··· Provided records
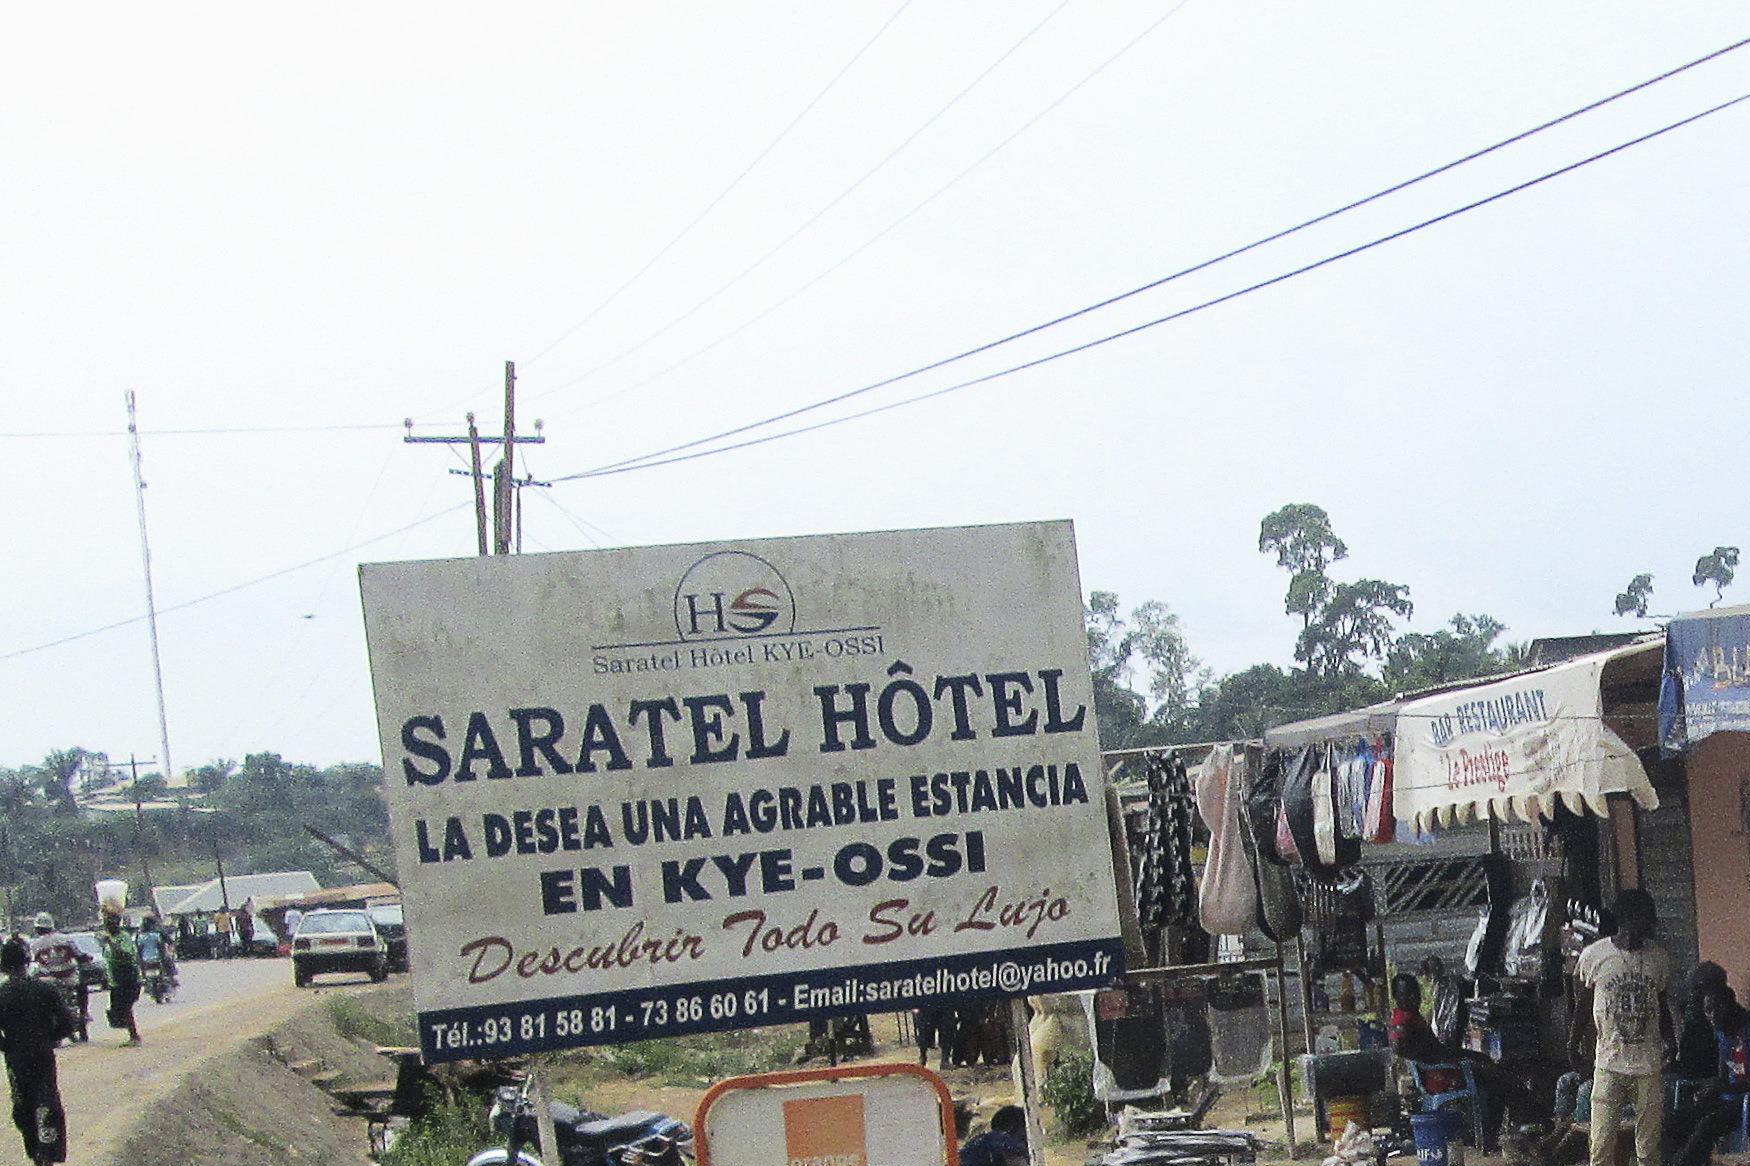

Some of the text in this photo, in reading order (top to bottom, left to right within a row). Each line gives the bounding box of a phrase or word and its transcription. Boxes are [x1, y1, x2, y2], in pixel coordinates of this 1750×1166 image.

[592, 650, 680, 675] Saratel
[764, 635, 886, 663] KYE-OSSI
[400, 659, 1087, 786] SARATEL HÔTEL
[1431, 689, 1547, 747] BAR RESTAURANT
[415, 762, 1089, 864] LA DESEA UNA AGRABLE ESTANCIA
[540, 830, 987, 916] EN KYE-OSSI
[460, 886, 1071, 984] Descubrir Todo Su Lujo
[520, 1014, 546, 1040] 81
[556, 1010, 583, 1036] 58
[591, 1006, 616, 1032] 81
[640, 1002, 668, 1027] 73
[676, 997, 703, 1022] 86
[710, 993, 737, 1018] 60
[745, 988, 770, 1015] 61
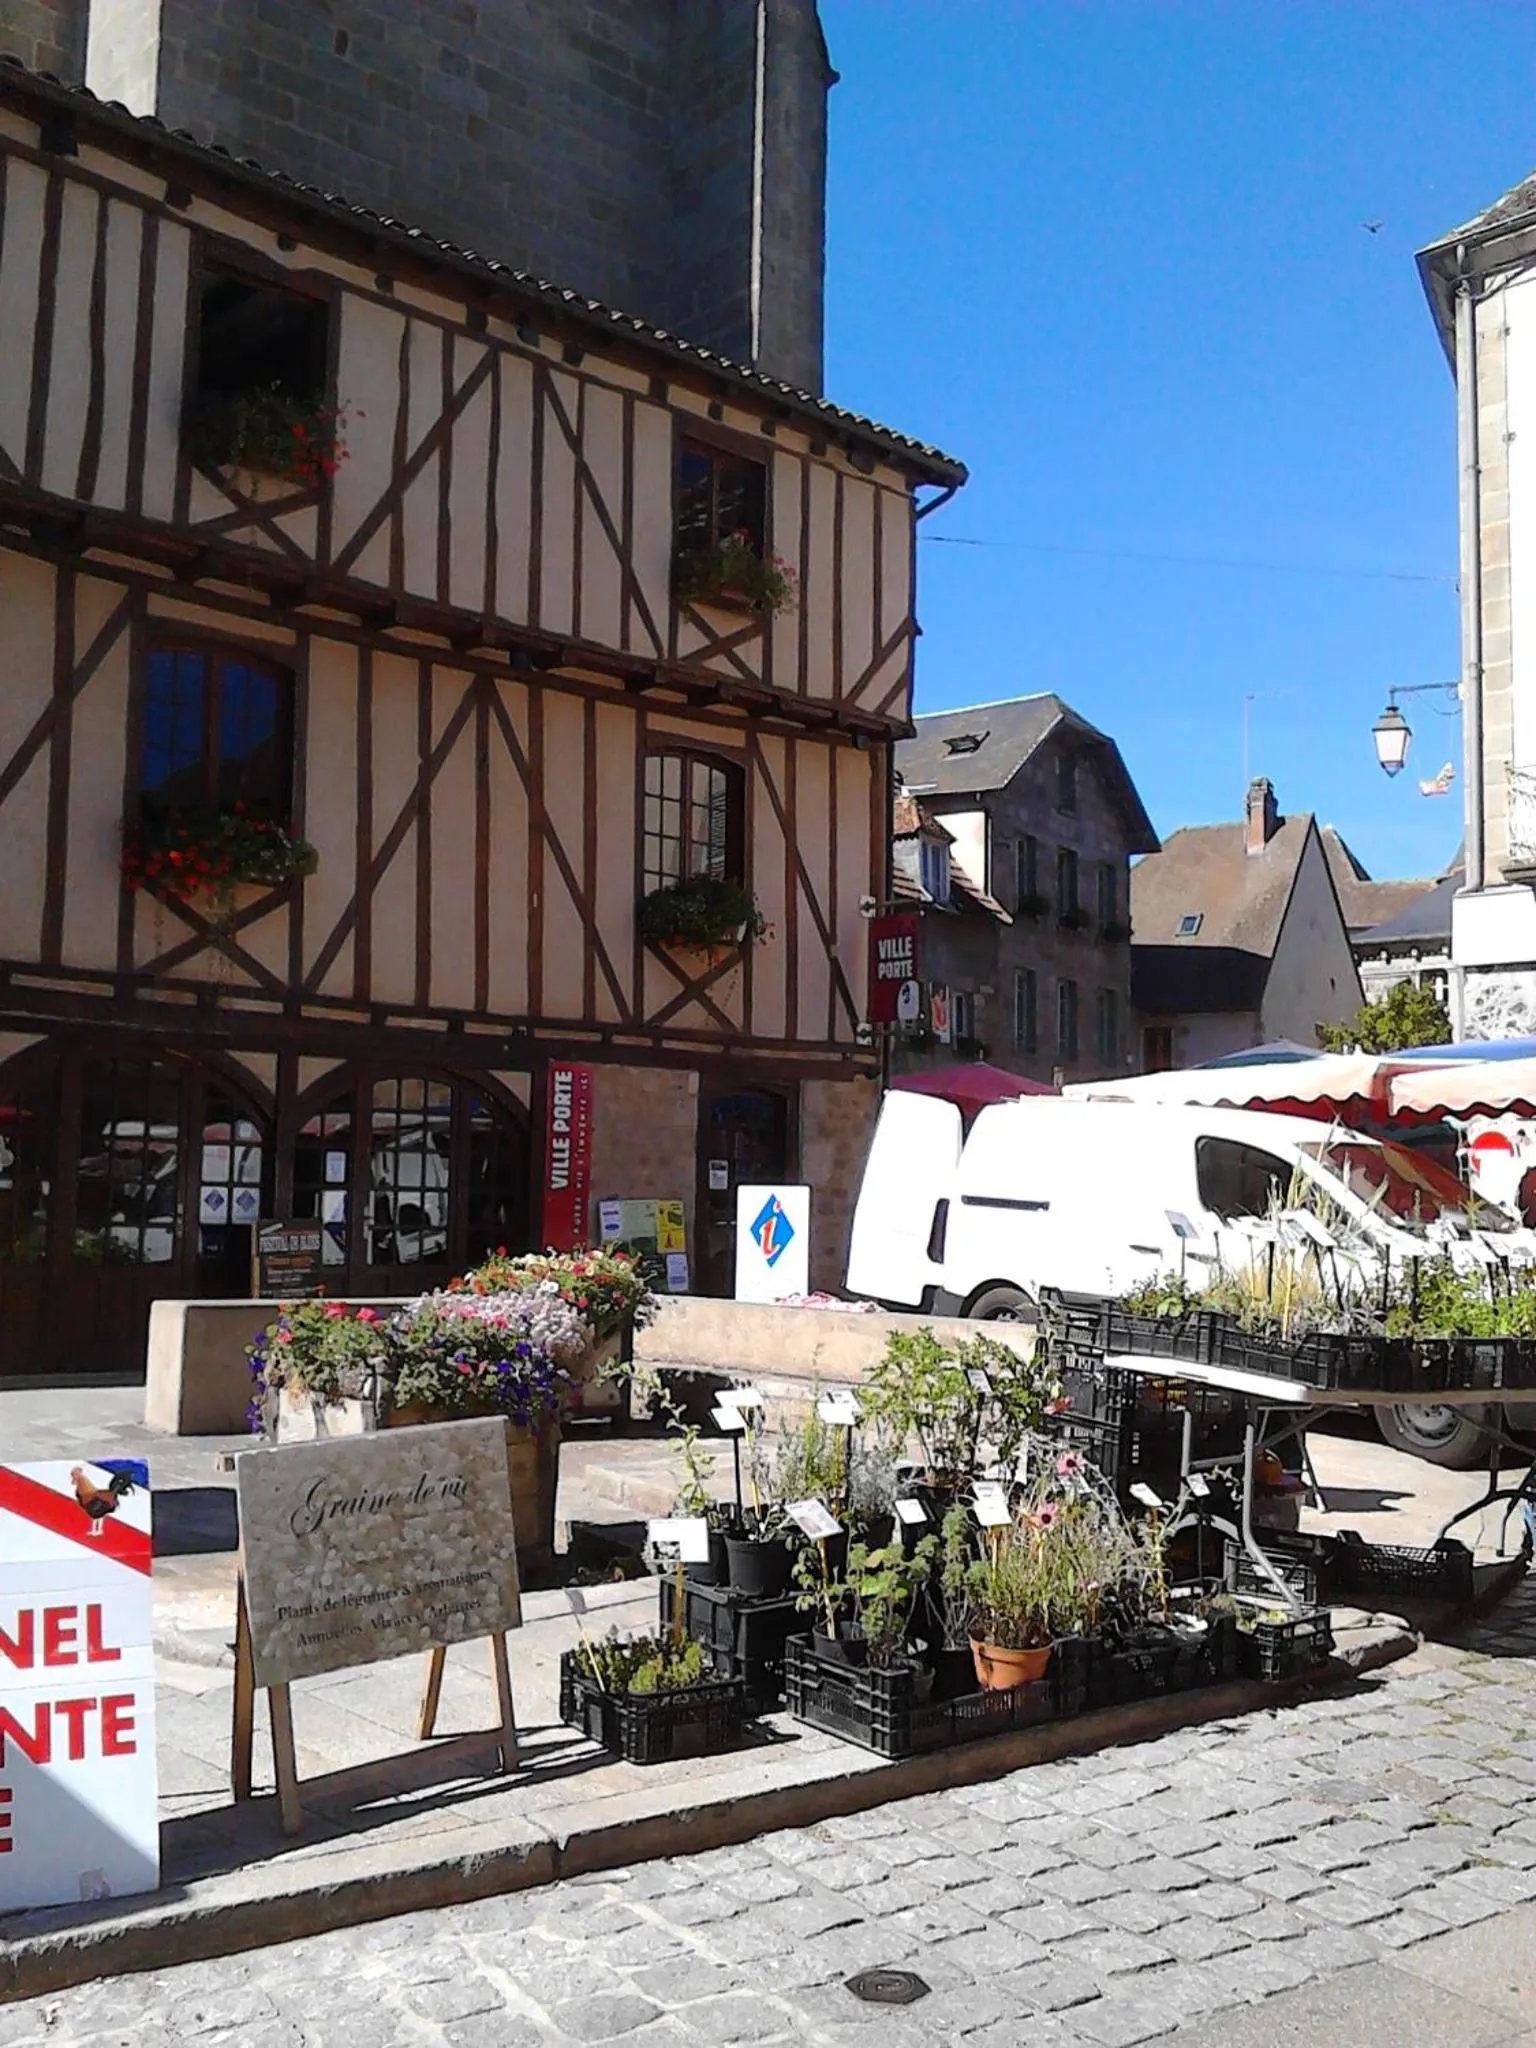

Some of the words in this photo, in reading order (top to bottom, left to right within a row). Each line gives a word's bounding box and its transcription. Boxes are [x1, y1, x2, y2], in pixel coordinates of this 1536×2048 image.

[878, 936, 913, 960] VILLE
[878, 960, 913, 979] PORTE
[552, 1071, 573, 1133] PORTE
[551, 1137, 571, 1190] VILLE
[289, 1475, 400, 1539] Graine
[408, 1472, 436, 1504] de
[277, 1603, 320, 1620] Plants
[322, 1597, 340, 1613] de
······
With the line containing "Some of the words" as the first and the last line of the data as the final one, copy every line between them exactly, those two included.

Some of the words in this photo, in reading order (top to bottom, left to right within a row). Each line gives a word's bounding box and its transcription. Boxes are [x1, y1, x2, y2], in pixel coordinates of this 1536×2048 image.

[878, 936, 913, 960] VILLE
[878, 960, 913, 979] PORTE
[552, 1071, 573, 1133] PORTE
[551, 1137, 571, 1190] VILLE
[289, 1475, 400, 1539] Graine
[408, 1472, 436, 1504] de
[277, 1603, 320, 1620] Plants
[322, 1597, 340, 1613] de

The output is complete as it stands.